Experimental investigation into flexural buckling of double-limb built-up plate members under compression

Abstract

Planar steel plates have many advantages, including high precision, flexible outline shape fabrication, and convenient transportation and storage, which make them suitable for various steel structures (e.g., reticulated shell structures). However, the steel plates are not commonly used as structural members, because they have a relatively low out-of-plane flexural stiffness. To improve the flexural buckling resistance, a novel type of built-up plate member comprising two longitudinal plates is proposed in this study. Additionally, the flexural buckling behavior of the novel built-up members is investigated. A series of compression tests on 42 specimens of built-up plate members is conducted to determine the elastic and ultimate critical loads.
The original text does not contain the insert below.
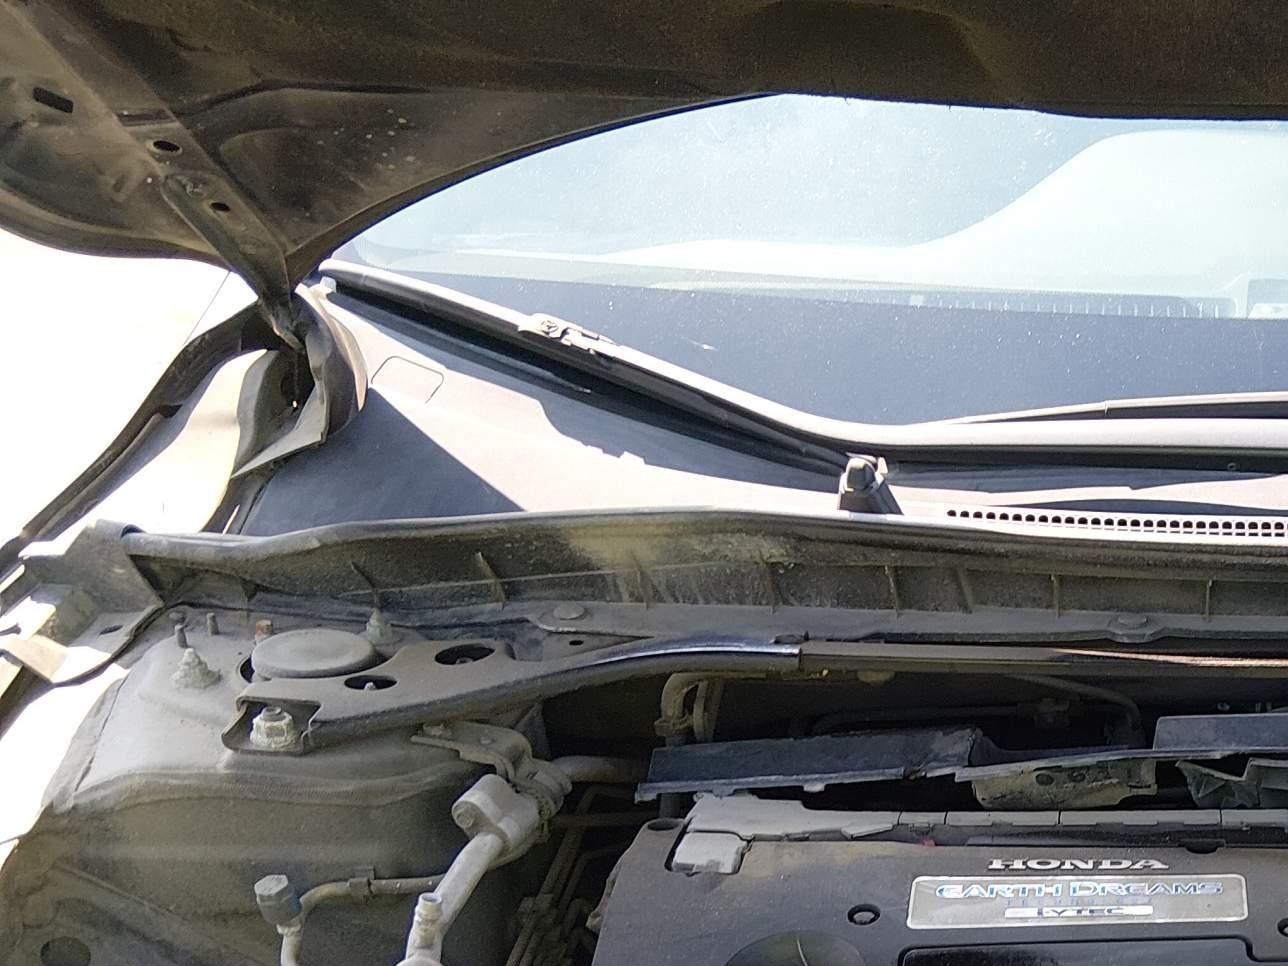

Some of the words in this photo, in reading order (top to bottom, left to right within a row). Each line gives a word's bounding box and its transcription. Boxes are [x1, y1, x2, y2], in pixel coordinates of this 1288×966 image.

Flexural buckling about the minor axis is observed to be the failure mode of the specimens. The equivalent slenderness ratio method is used to determine the theoretical elastic critical loads of the specimens. With consideration of the measured material properties, geometric imperfections, and residual stresses of the specimens, a refined finite-element model is developed to simulate the flexural buckling behavior. Furthermore, the applicability of two representative specifications (American and European) to the novel built-up member is discussed. The results indicate that the design strengths calculated using these specifications are generally conservative for determining the ultimate loads of the built-up plate members. Design curve “c” in Eurocode 3 is found to be the most suitable among the specifications of interest for determining the design strength. This study provides valuable guidance for the design of built-up plate members.